All single use audit samples (filters) were procured from ERA-QC in Colorado. ERA-QC
is a well-known provider of environmental sampling audit materials. Filter audit samples
were 47mm glass fiber filters with a known quantity of a white dry material on the
surface. These were sent in advance of the proficiency test so STS could observe the
final weight on site.
Mr. John F. Buresh of STS arrived at the laboratories on Monday mornings, and after
introductions, provided the laboratory staff with the operating parameters provided by
the USEPA, and began the proficiency test. The Proficiency test included all activities
described in the USEPA Protocols: Observation of laboratory technique, equipment set
up, cleaning activities, sample recovery activities and inspection of all equipment
associated with the testing as it pertained to ASTM 2515 and ASTM 2779. STS
remained at the testing location during all of the testing periods, and followed the
sample throughout the stages of recovery until the final deposition in the desiccating
trays.
Upon completion of the final test run, STS affixed seals on the stoves and provided the
laboratories with a final review of observations and allowed time for any follow-up
questions. STS collected the final results of the calculations sheets, and documented
the final analysis of the audit samples. Several weeks later, the laboratories provided
STS with draft reports that were finalized shortly thereafter.
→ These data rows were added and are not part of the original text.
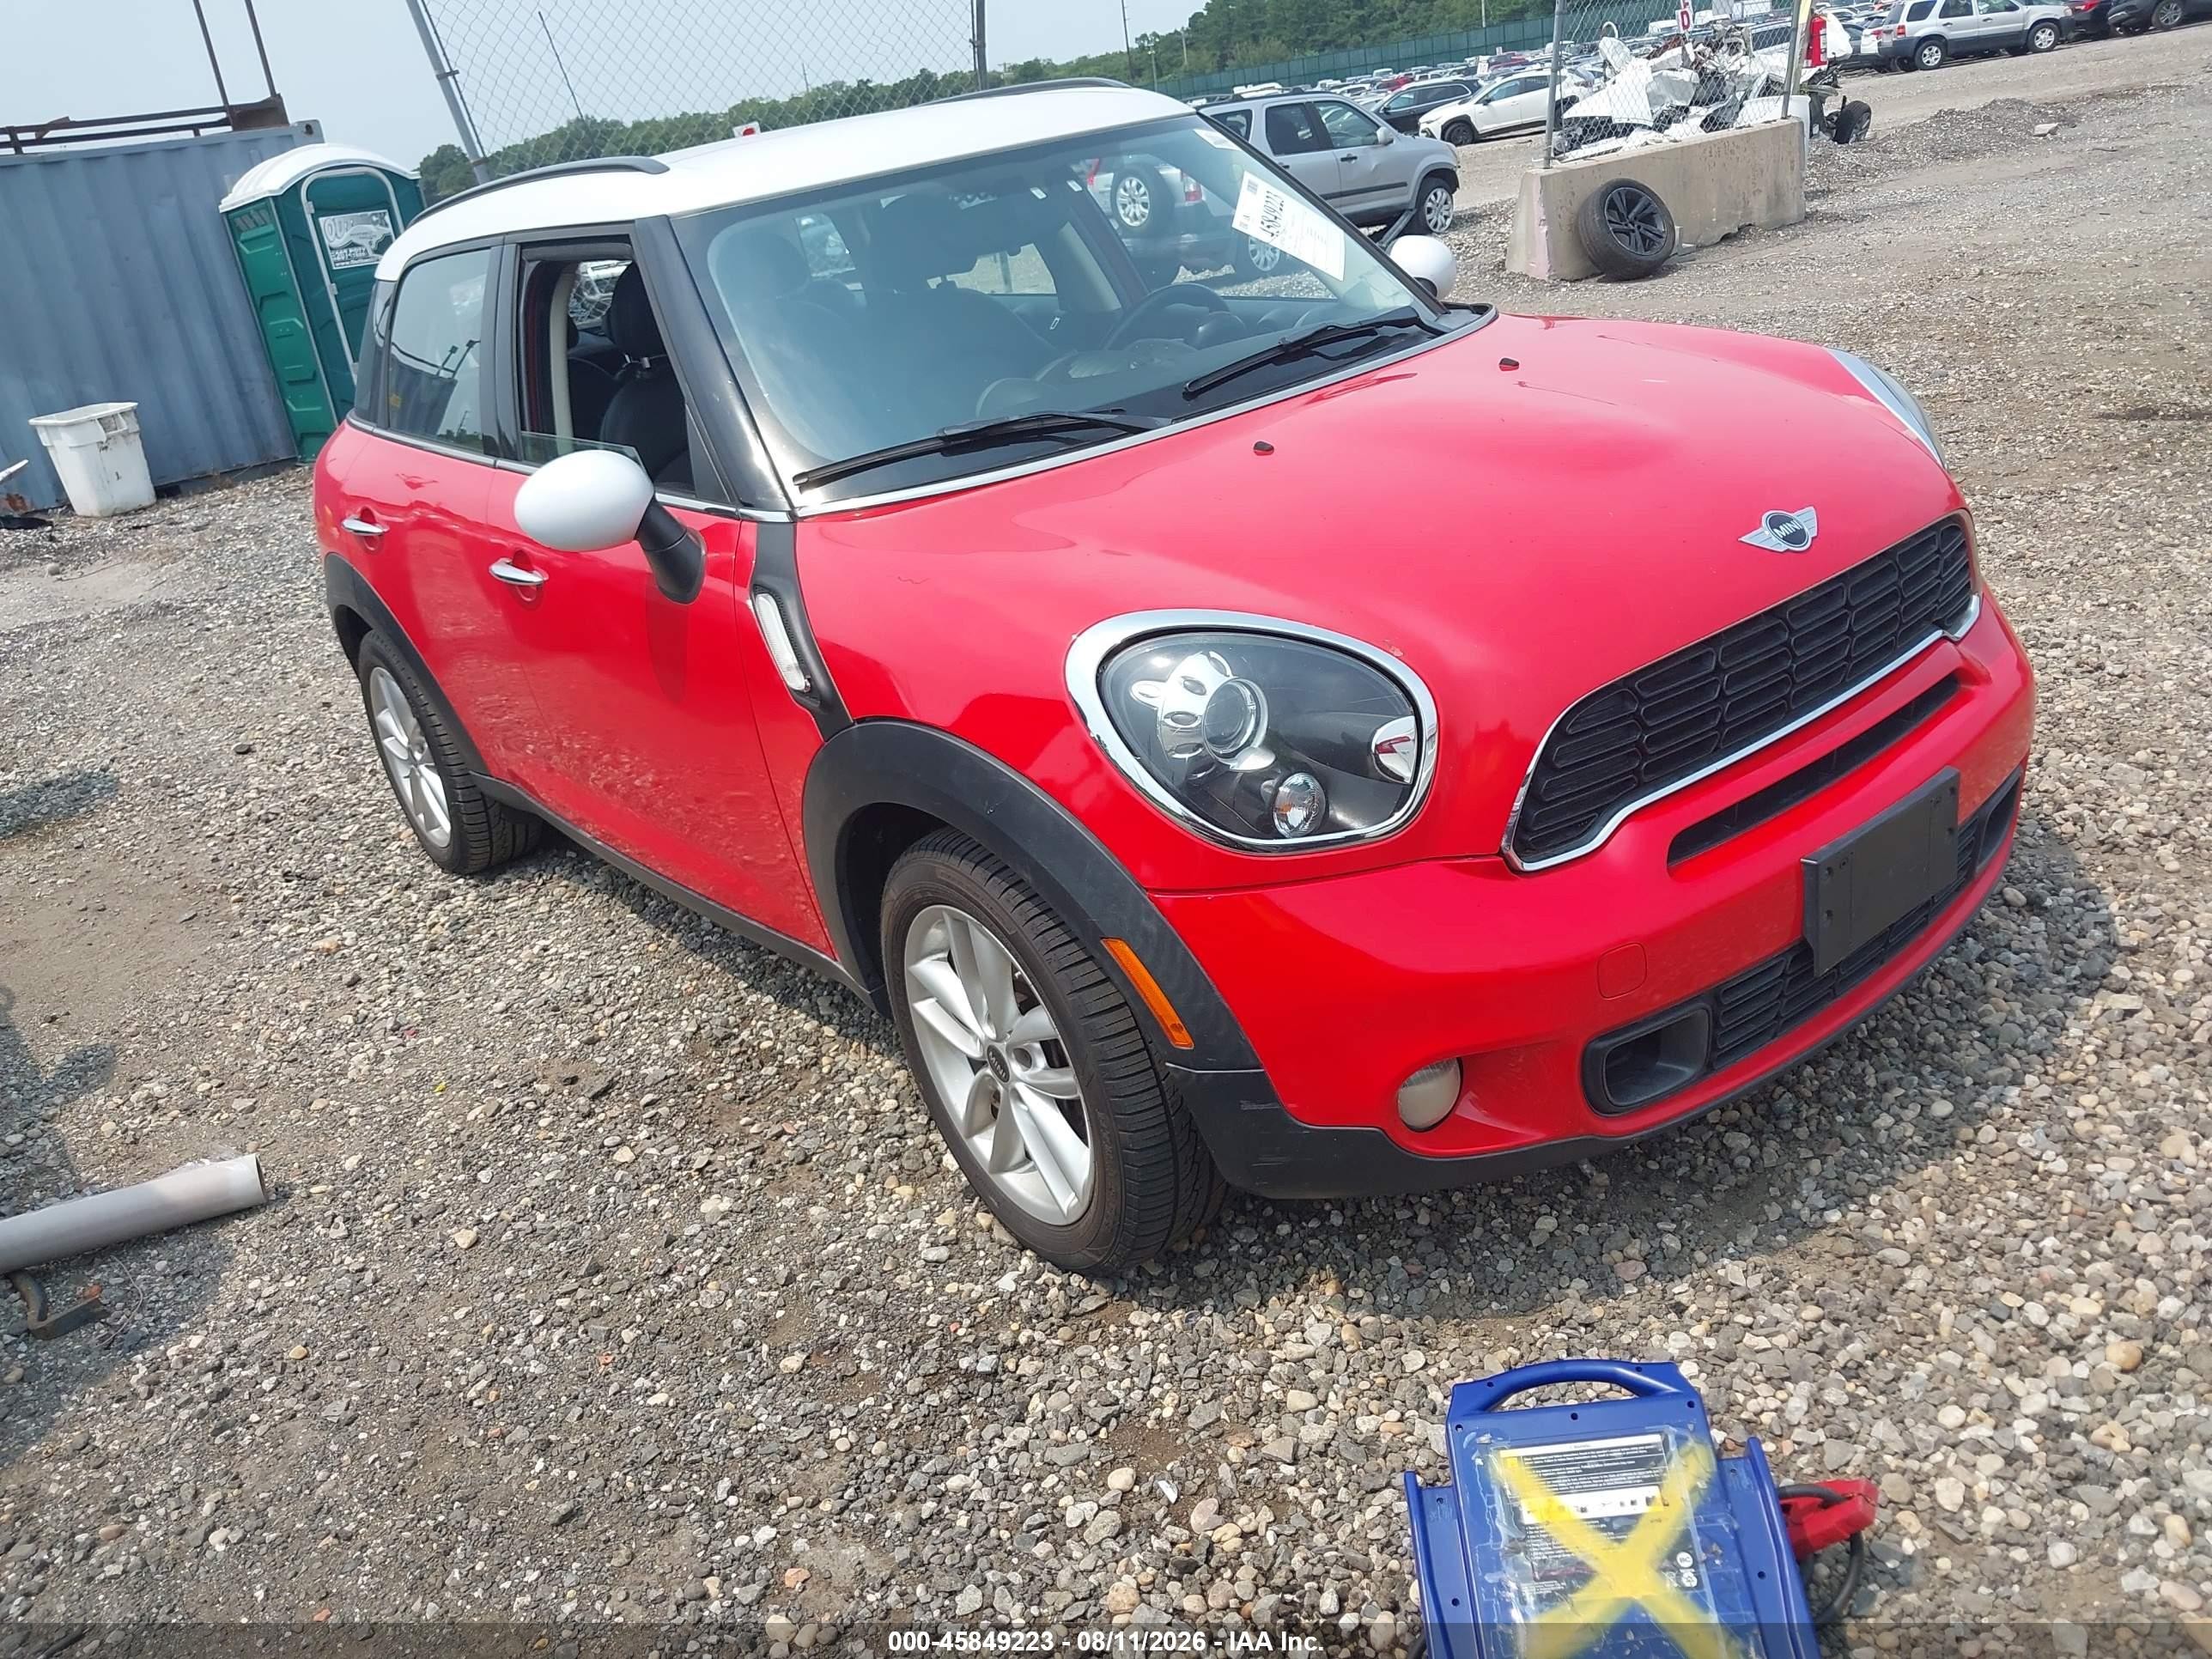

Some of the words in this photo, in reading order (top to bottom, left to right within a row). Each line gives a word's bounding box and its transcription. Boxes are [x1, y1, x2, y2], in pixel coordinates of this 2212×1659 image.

[324, 212, 390, 243] OUCK
[1772, 520, 1803, 538] MINI
[988, 1050, 1006, 1078] MINI
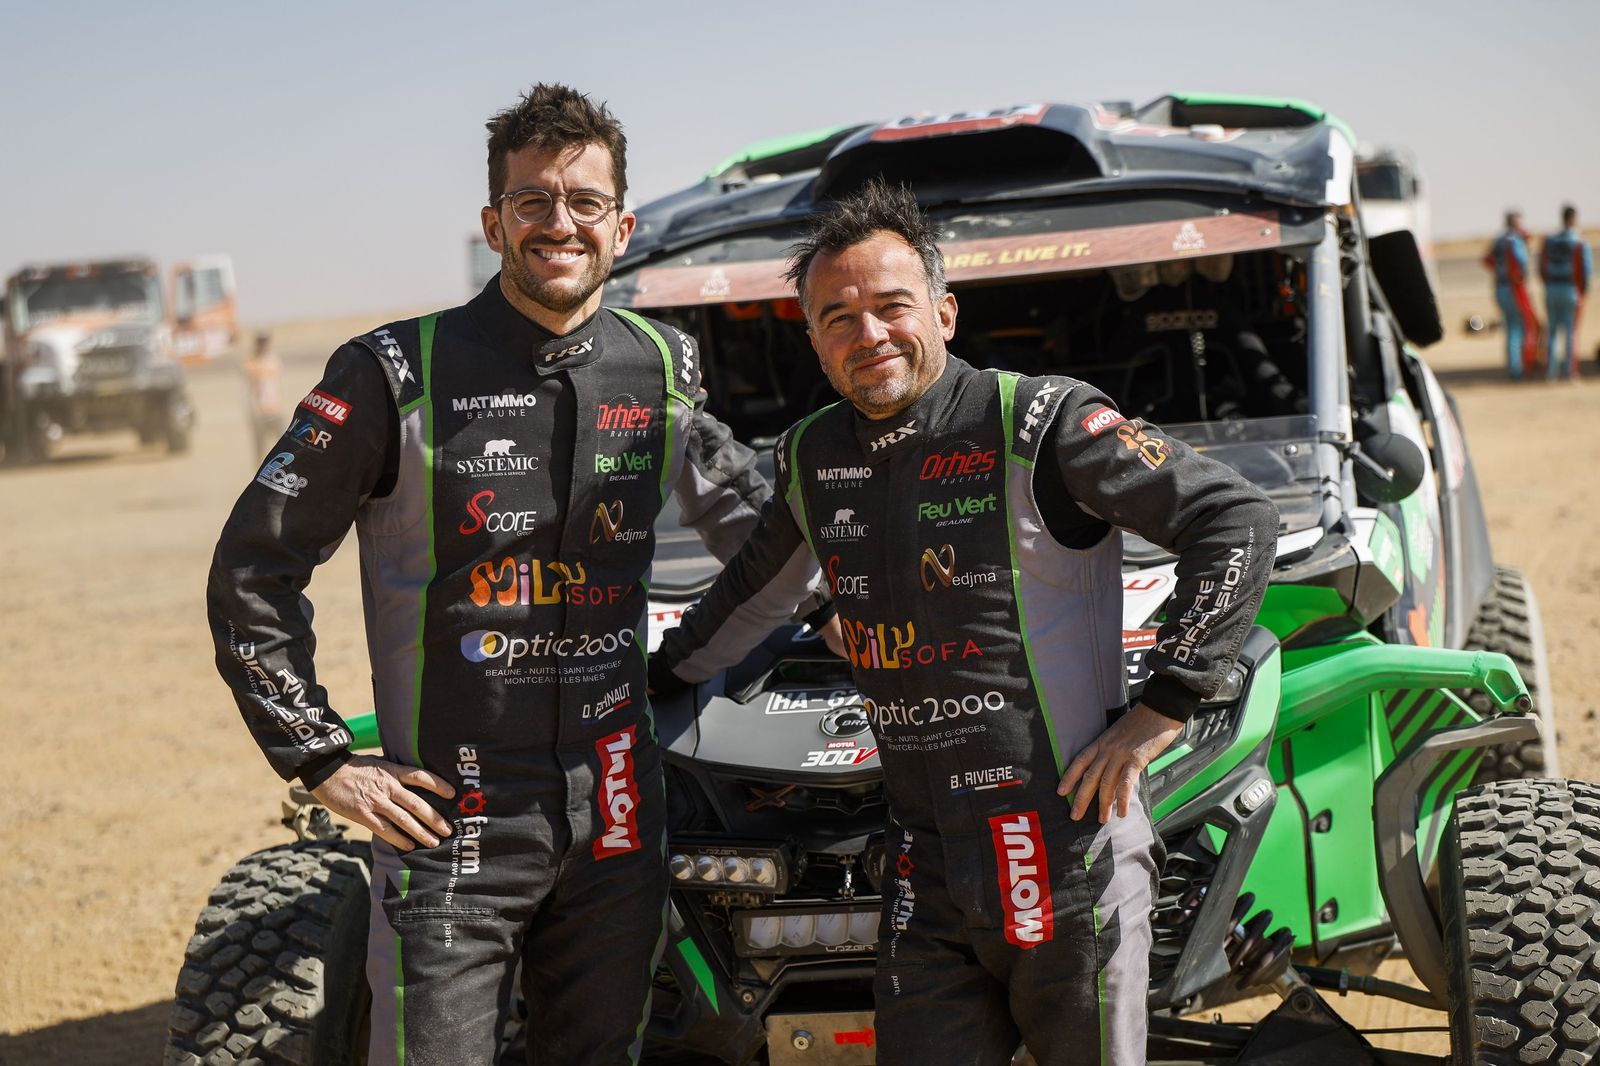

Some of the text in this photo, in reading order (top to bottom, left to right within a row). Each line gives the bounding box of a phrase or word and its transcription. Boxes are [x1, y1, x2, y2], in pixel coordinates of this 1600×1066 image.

[998, 244, 1057, 264] LIVE
[1060, 241, 1091, 258] IT.
[374, 329, 416, 384] HRX
[545, 337, 593, 362] HRX
[303, 392, 347, 421] MOTUL
[452, 393, 537, 412] MATIMMO
[1018, 381, 1059, 443] HRX
[467, 408, 526, 420] BEAUNE
[610, 430, 647, 438] Racing
[870, 420, 918, 452] HRX
[457, 456, 539, 474] SYSTEMIC
[595, 451, 652, 473] Feu Vert
[609, 474, 639, 482] BEAUNE
[817, 467, 873, 481] MATIMMO
[940, 473, 990, 486] Racing
[825, 481, 863, 490] BEAUNE
[917, 493, 997, 522] Feu Vert
[820, 524, 869, 539] SYSTEMIC
[936, 517, 974, 527] BEAUNE
[479, 628, 634, 667] Optic 2000
[901, 639, 984, 669] SOFA
[485, 667, 522, 677] BEAUNE
[563, 665, 585, 675] SAINT
[564, 676, 581, 684] LES
[261, 700, 276, 718] AND
[582, 704, 592, 719] D.
[863, 691, 1005, 734] Optic 2000
[828, 741, 855, 749] MOTUL
[800, 747, 879, 768] 300V
[951, 765, 1014, 790] B. RIVIERE
[602, 732, 634, 848] MOTUL
[1001, 815, 1044, 943] MOTUL
[444, 877, 458, 906] tractor
[443, 923, 452, 948] parts
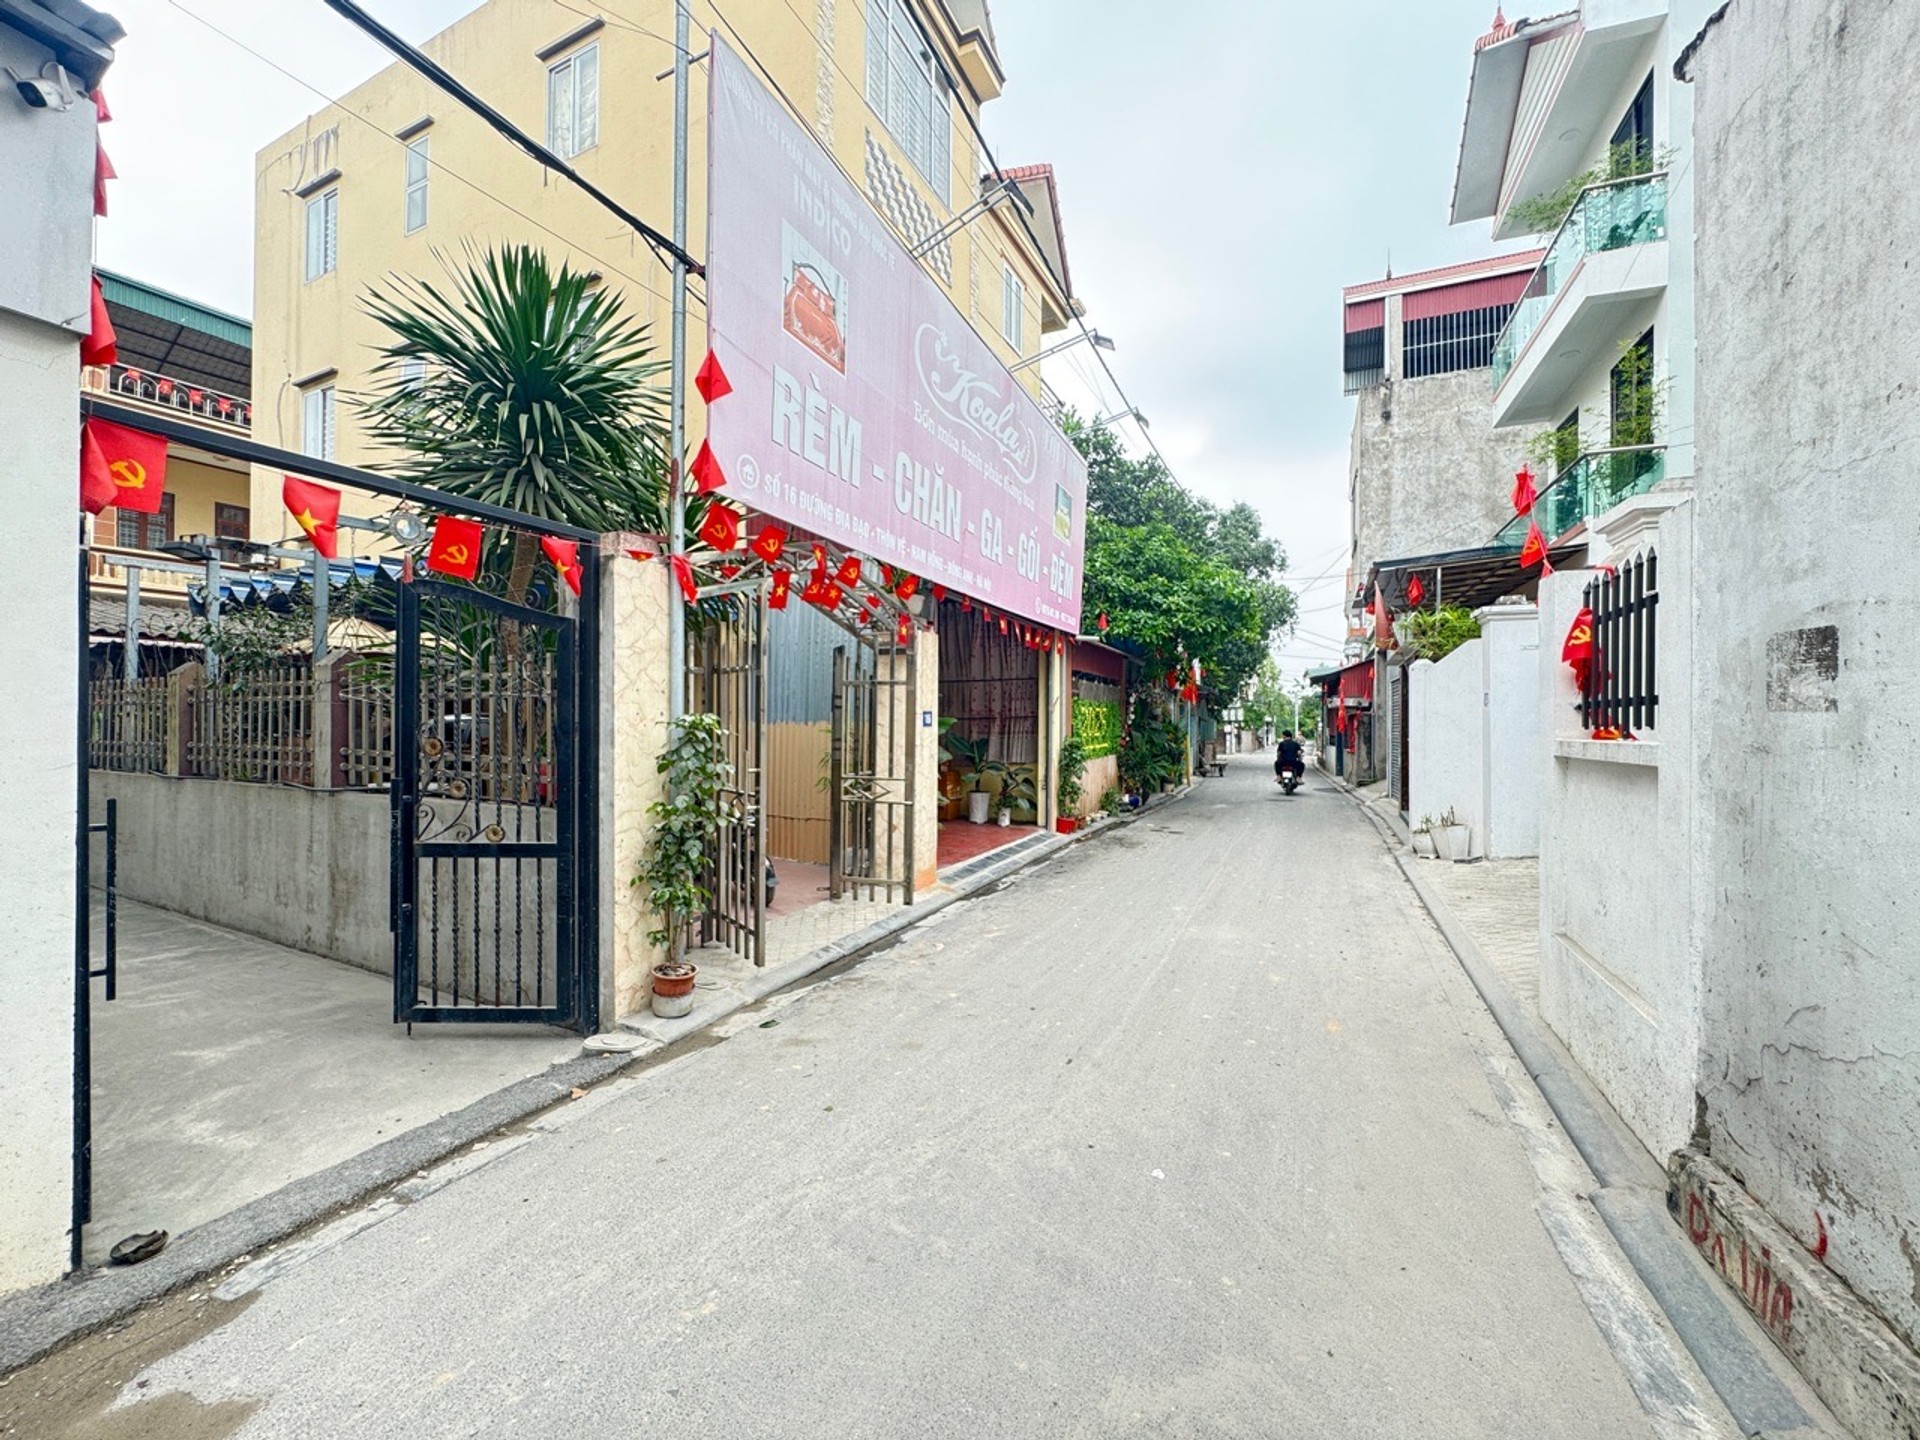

Upon receiving the final report, STS calculated the Dixon outlier test on the gram per
kilogram fuel combusted emissions of each individual test run, and found that no
individual run was an outlier from the data set of the 24 runs (Attachment 1). For Room
Air and Sample Train blank data, STS calculated The Dixon Outlier test on these
(Attachments 2 & 3). The 8 data set is the minimum that can be run with the Dixon
outlier test.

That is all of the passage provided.